LGBTI activist dumped from chat show in Malaysia
A popular Malaysian chat show has ditched an interview with LGBTI activist Numan Afifi following an online backlash.
Host Sharaad Kuttan tweeted that the Let’s Talk episode would be postponed just five hours after he announced Afifi as a guest.
Titled ‘LGBTQ – Favourite Whipping Boy?’, it was due to air on Tuesday night (14 May).
Afifi told Gay Star News he found out via Twitter. He said he was ‘disappointed’.
Amid rising anti-LGBTI sentiment in Malaysia, a lot of people online called for the show to be canceled.
Guess how long it for the show to be postponed since it was posted?
Even Ramadhan bazaar stays open longer than that!
Selamat berbuka folks pic.twitter.com/TUd2QlGYL8
— Numan Afifi (@NumanAfifi) May 14, 2019
‘It would have been one of the first mainstream TV talkshows in Malaysia to feature an openly gay man’ Afifi said.
‘By canceling the show, I cannot get across the advocacy that I have been working on and I cannot share 1001 stories of resistance of my fellow LGBTQ folks’.
Afifi told Gay Star News he had taken the opportunity to call on the government to engage with LGBTI people.
‘Harassment and discrimination are getting worse’ he explained. ‘LGBT youth are becoming increasing suicidal’.
And here I was thinking we now have a more free media in Malaysia. Such a shame. Was looking forward to listening to @NumanAfifi .

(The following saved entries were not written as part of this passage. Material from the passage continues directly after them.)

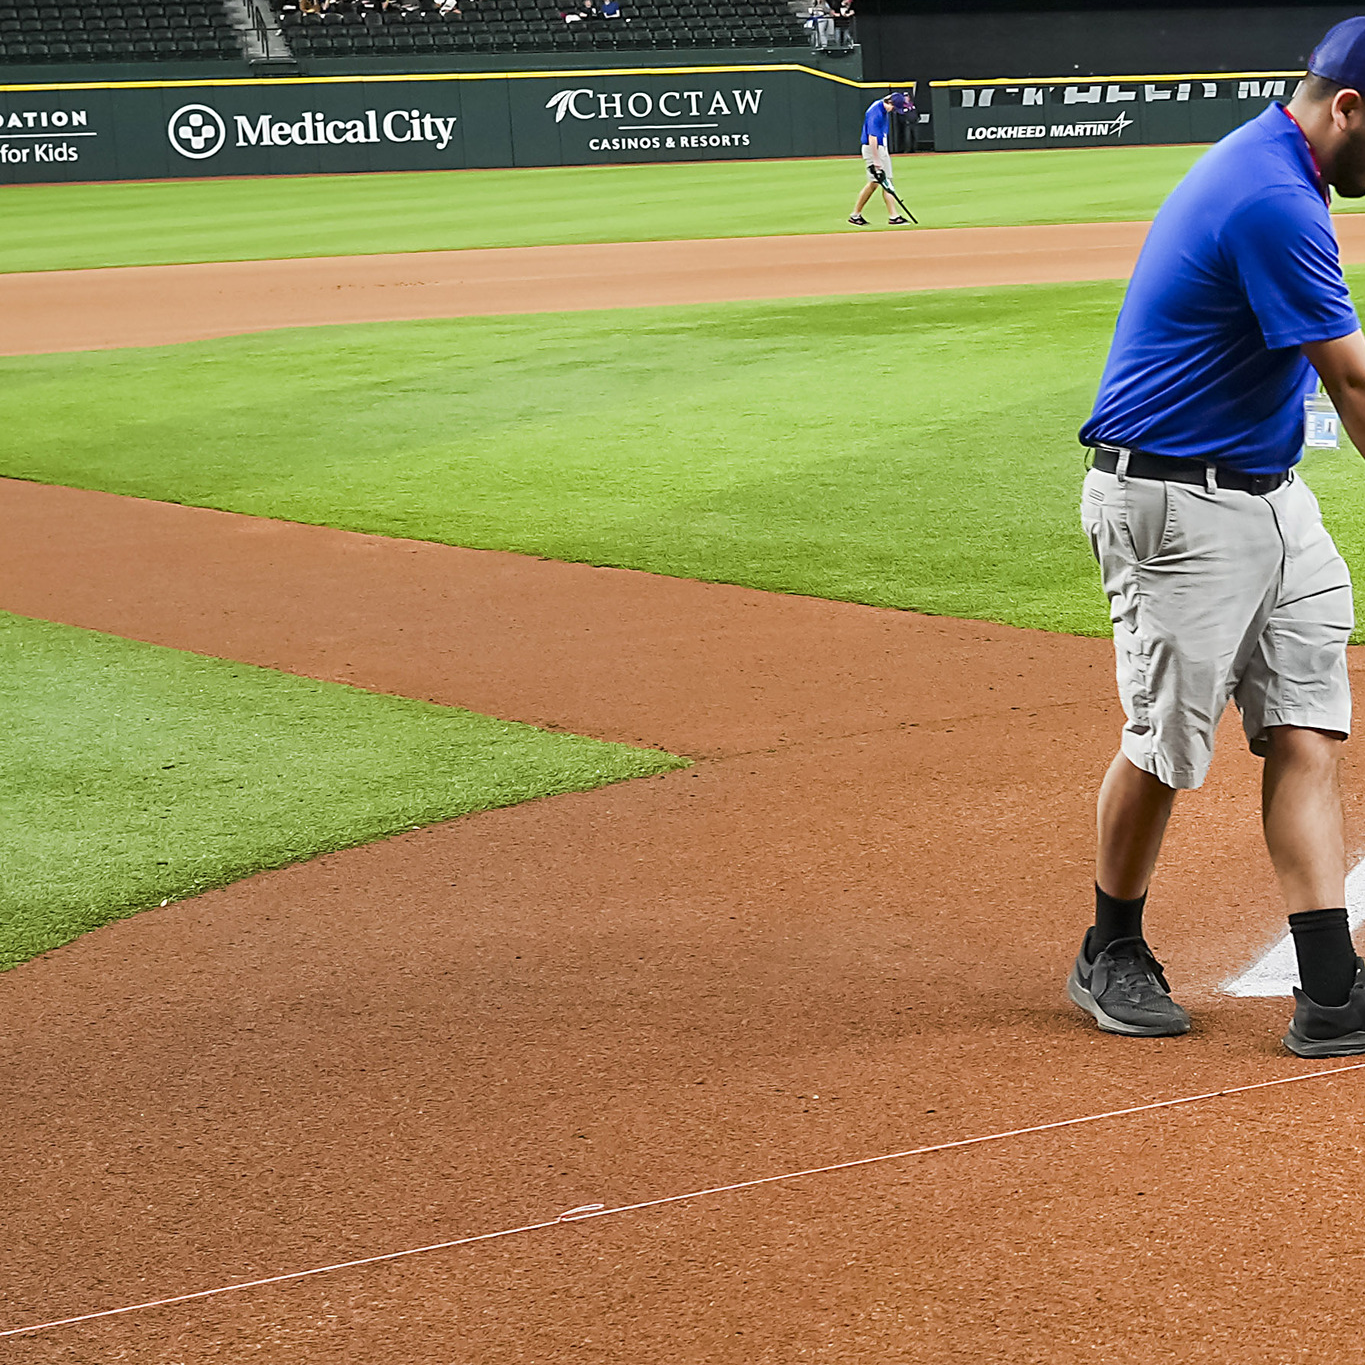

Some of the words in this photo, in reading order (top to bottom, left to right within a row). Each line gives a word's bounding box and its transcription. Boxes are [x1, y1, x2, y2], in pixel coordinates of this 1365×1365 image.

[567, 88, 763, 120] CHOCTAW
[0, 110, 87, 129] ATION
[234, 109, 380, 147] Medical
[383, 109, 457, 149] City
[966, 125, 1046, 140] LOCKHEED
[1050, 122, 1110, 138] MARTIN
[0, 143, 30, 163] for
[34, 142, 79, 162] Kids
[588, 136, 660, 151] CASINOS
[665, 136, 676, 149] &
[680, 134, 751, 149] RESORTS
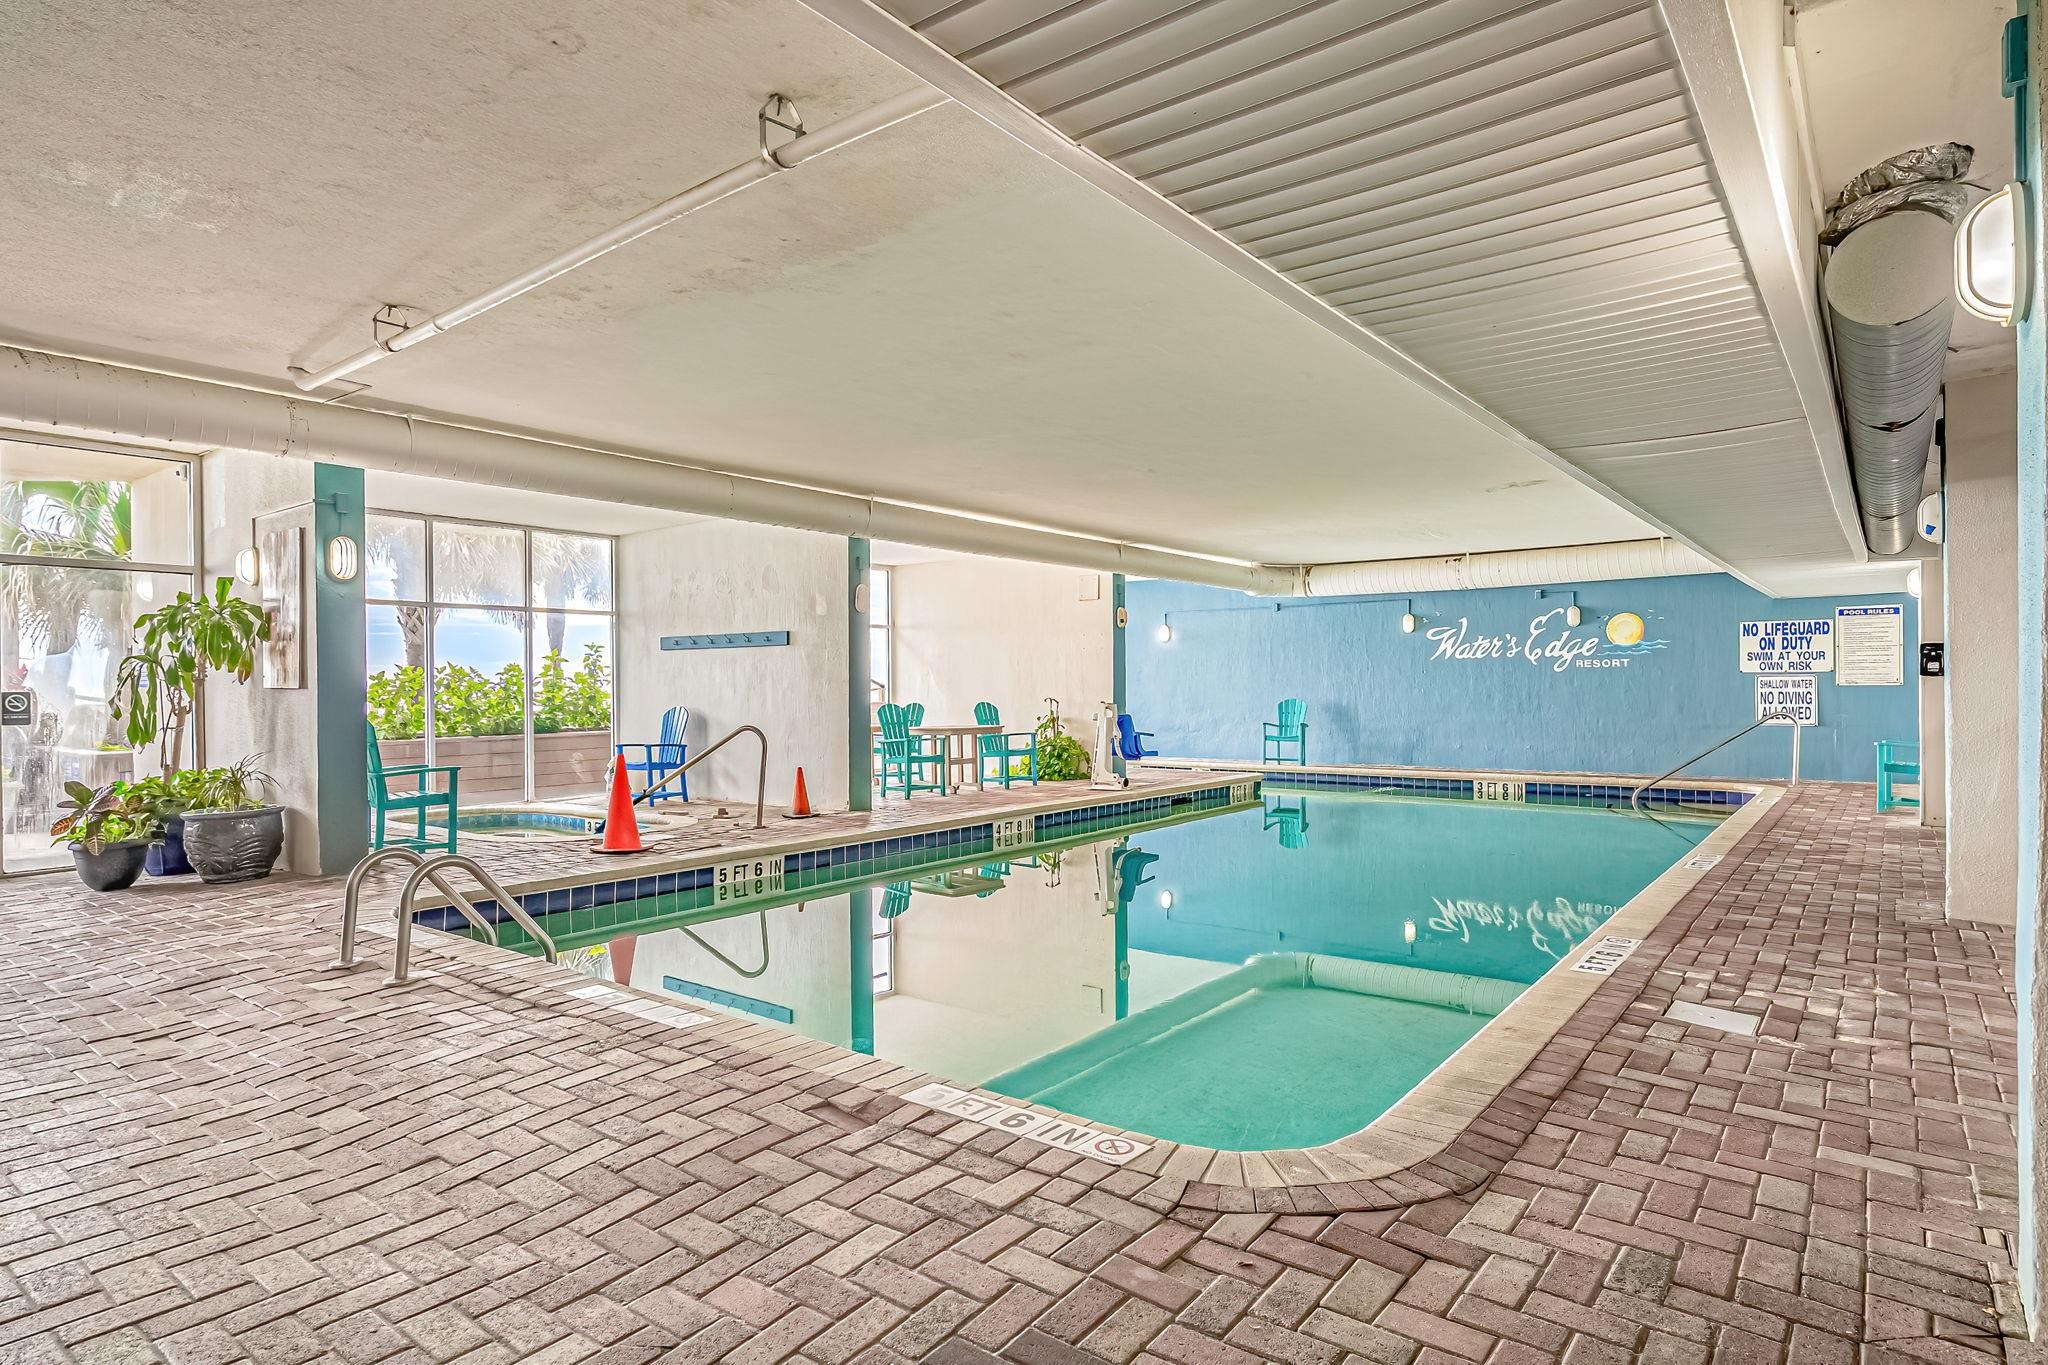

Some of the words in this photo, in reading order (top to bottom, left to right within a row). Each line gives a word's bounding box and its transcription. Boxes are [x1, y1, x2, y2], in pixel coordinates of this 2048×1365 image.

[1742, 623, 1759, 636] NO
[1764, 621, 1830, 636] LIFEGUARD
[1426, 617, 1521, 661] Water's
[1524, 608, 1599, 672] Edge
[1759, 637, 1775, 650] ON
[1781, 636, 1812, 650] DUTY
[1747, 652, 1773, 661] SWIM
[1778, 651, 1791, 660] AT
[1796, 651, 1826, 660] YOUR
[1576, 659, 1630, 668] RESORT
[1759, 662, 1783, 671] OWN
[1788, 661, 1812, 670] RISK
[1760, 680, 1789, 689] SHALLOW
[1791, 679, 1813, 688] WATER
[1760, 691, 1774, 705] NO
[1778, 691, 1812, 705] DIVING
[1477, 782, 1483, 791] 3
[588, 821, 592, 832] 3
[996, 824, 1001, 835] 4
[1005, 822, 1013, 833] FT
[1017, 821, 1022, 831] 8
[1025, 819, 1033, 830] IN
[720, 867, 727, 883] 5
[733, 864, 748, 881] FT
[754, 862, 763, 877] 6
[769, 859, 782, 875] IN
[947, 1097, 1003, 1116] FT
[1000, 1112, 1036, 1128] 6
[1036, 1123, 1091, 1146] IN

No shade to @SharaadKuttan , I’m sure he tried his best.
One day, gentlemen.
One day. https://t.co/T59k16eede
— Dr Jason Leong (@DrJasonLeong) May 14, 2019
LGBTI rights in Malaysia
Muslim-majority Malaysia is becoming increasingly hostile to its LGBTI population.
In September, the prime minister said the country could not accept LGBTI rights. The tourism minister there are no homosexuals in the country.

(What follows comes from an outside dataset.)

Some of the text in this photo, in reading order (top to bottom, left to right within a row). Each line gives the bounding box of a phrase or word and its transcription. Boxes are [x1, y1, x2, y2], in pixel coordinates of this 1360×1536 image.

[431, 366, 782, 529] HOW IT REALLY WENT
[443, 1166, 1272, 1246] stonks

On the talk show, Afifi said he addressed the police intimidation he has suffered recently.
In March, Afifi gave a speech to the UN Human Rights Council in the Swiss city of Geneva.
The 27-year-old read out a statement composed by a coalition of Malaysian LGBTI rights groups.

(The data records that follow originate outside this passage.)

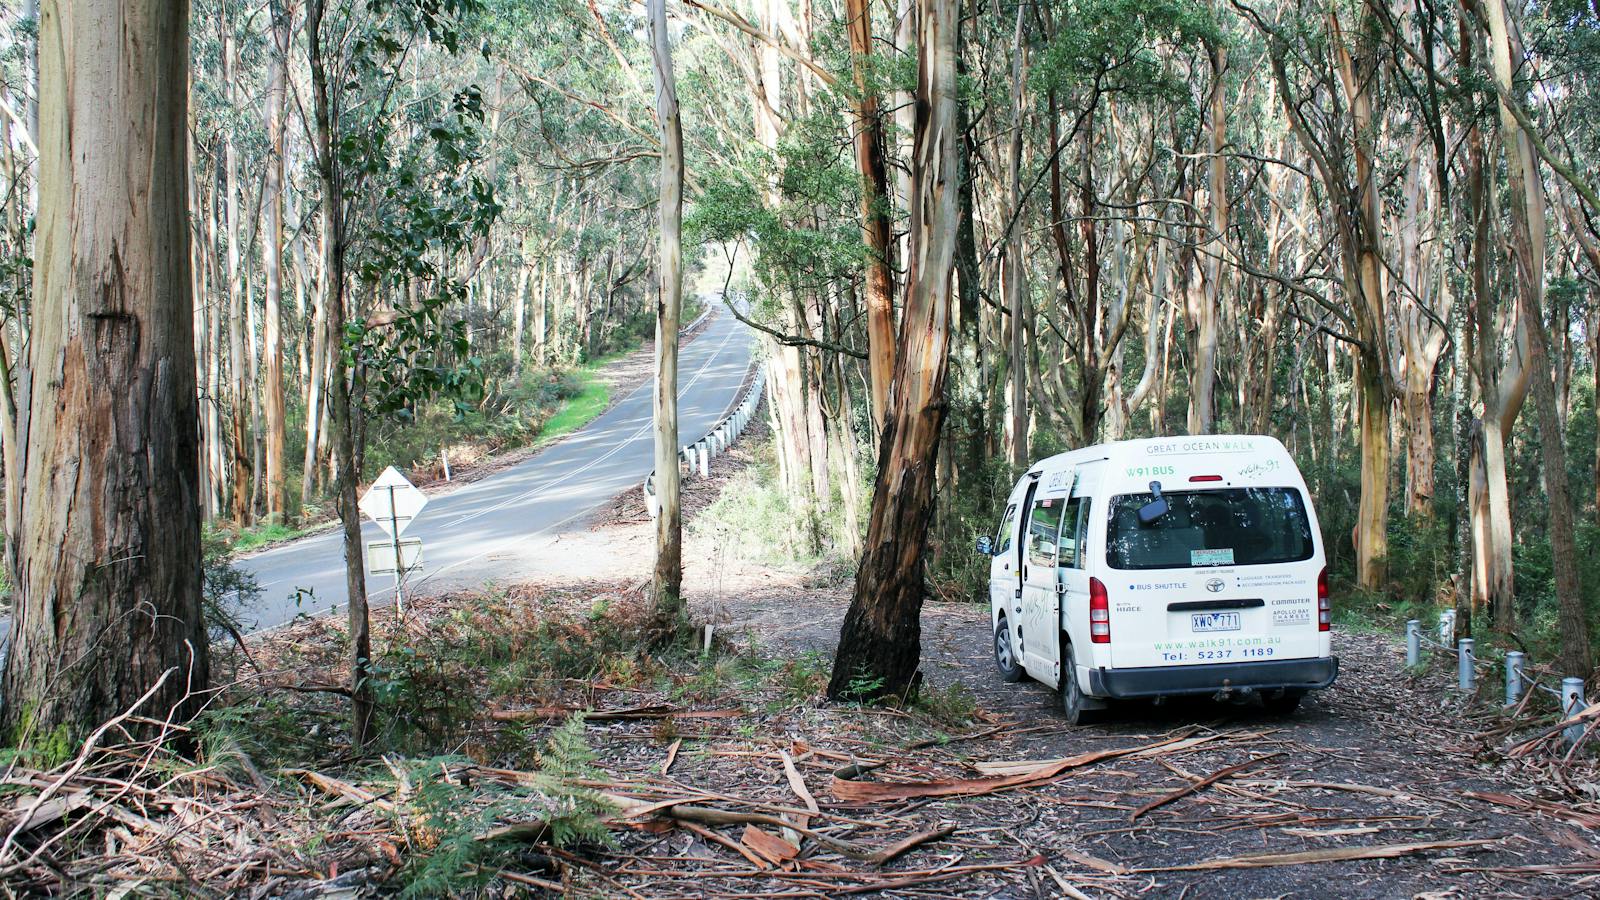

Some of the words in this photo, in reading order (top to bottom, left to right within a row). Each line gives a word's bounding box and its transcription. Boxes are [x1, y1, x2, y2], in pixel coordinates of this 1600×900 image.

[1146, 444, 1176, 454] GREAT
[1183, 442, 1219, 451] OCEAN
[1223, 441, 1254, 450] WALK
[1193, 616, 1212, 628] XWQ
[1220, 615, 1238, 627] 771
[1154, 636, 1281, 650] www.walk91.com.au
[1162, 652, 1188, 661] Tel:
[1198, 650, 1232, 659] 5237
[1242, 647, 1274, 657] 1189

The statement was critical of the country’s record on LGBTI rights. A number of people attacked Afifi online following his speech
Police questioned Afifi following a public backlash over his comments.
The openly gay rights advocate pledged to keep ‘[speaking] out against discrimination’ following his arrest.
In July last year, Afifi stepped down from his role as press officer for the Youth and Sports Minister due to the threats and abuse he received because of his sexuality.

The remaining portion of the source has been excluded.